Spring Cleaning the Easy Way

Make your whole house sparkle and shine using baking soda, lemon juice, and white vinegar.

| Spring 2018

  • Spring Cleaning
    Baking soda and water made into a paste makes a cheap and effective way to polish silver.
    Photo by Getty Images/JPC-PROD
  • Lemons
    Whole and sliced lemons are useful for cleaning a multitude of things.
    Photo by GettyImages/YelenaYemchuk
  • Spring Cleaning
    Baking soda, a lemeon, and plain white vinegar sit on a table with a sponge and rag, ready to clean.
    Photo by GettyImages/Geo-grafika
  • Spring Cleaning
    Baking soda and white vinegar sit on a washer and dryer, along with fresh laundered towels.
    Photo by GettyImages/Sidekick

  • Spring Cleaning
  • Lemons
  • Spring Cleaning
  • Spring Cleaning

This time of year, if you're like me, as soon as you see and feel the first warm rays of sunshine, the urge to clean the house, top to bottom, hits. You want to make everything fresh and clean again. You want to open all the windows and let the stale winter air out, exchanging it for clean, fresh air. In my opinion, nothing says spring like a clean house and open windows.

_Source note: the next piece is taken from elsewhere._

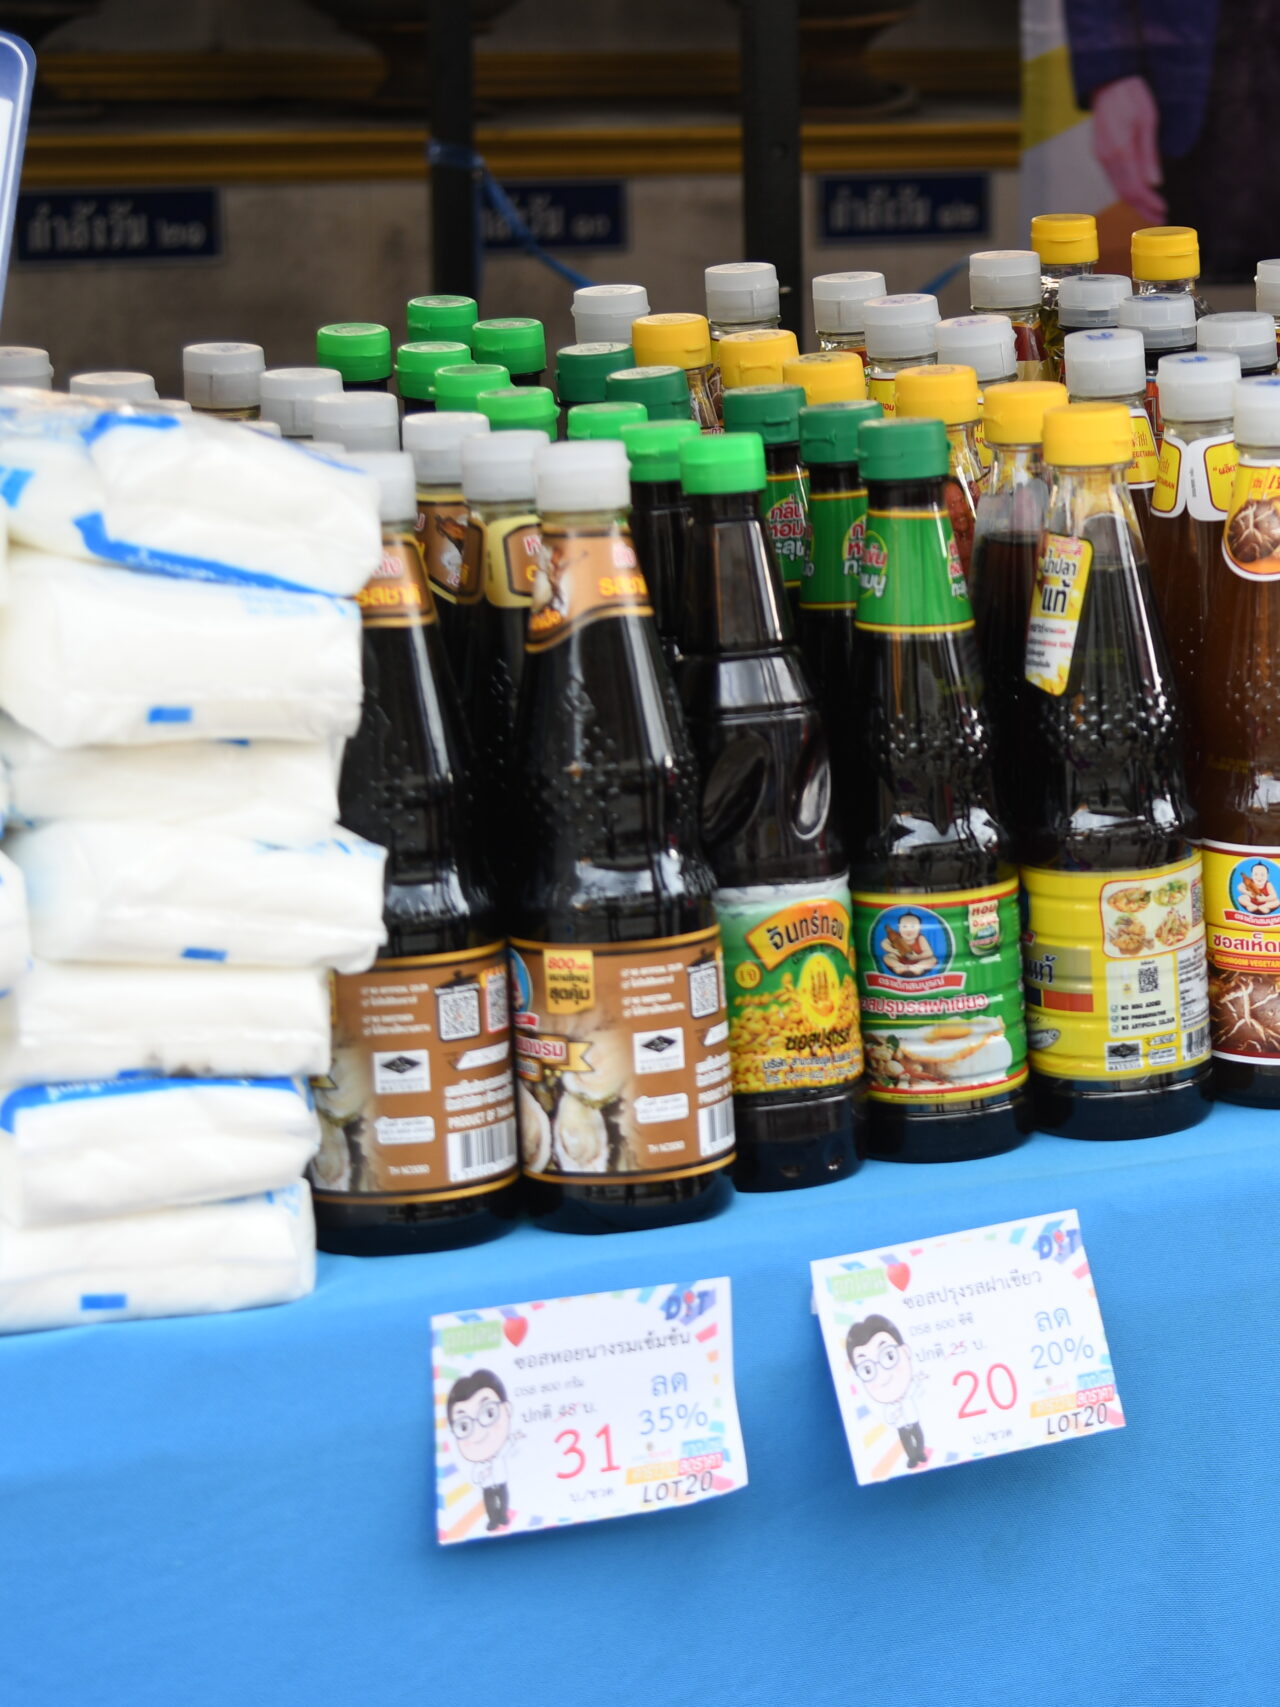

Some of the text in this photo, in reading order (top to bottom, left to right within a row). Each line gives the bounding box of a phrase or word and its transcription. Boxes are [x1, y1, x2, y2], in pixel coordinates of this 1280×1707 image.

Following are tips for using three staple products most of us always have on hand — baking soda, lemons or lemon juice, and plain white vinegar — to clean a variety of things, as well as a few simple recipes for homemade cleaners that have a permanent place in my cleaning cabinet.

Words of Caution

If you search the web for recipes for homemade cleaners, you'll find that nearly all of them call for some sort of essential oil — not only for smell, but also for their antiseptic and antibacterial properties. If you do a little more research, you'll discover several online sources stating that certain essential oils can be harmful or even fatal to pets. Since I have dogs in the house, I'm not willing to chance it, so I never use essential oils. If you don't have pets, feel free to add a few drops of pine, tea tree, orange, or lemon essential oil to any of the cleaner recipes for a fresh smell and added cleaning benefits.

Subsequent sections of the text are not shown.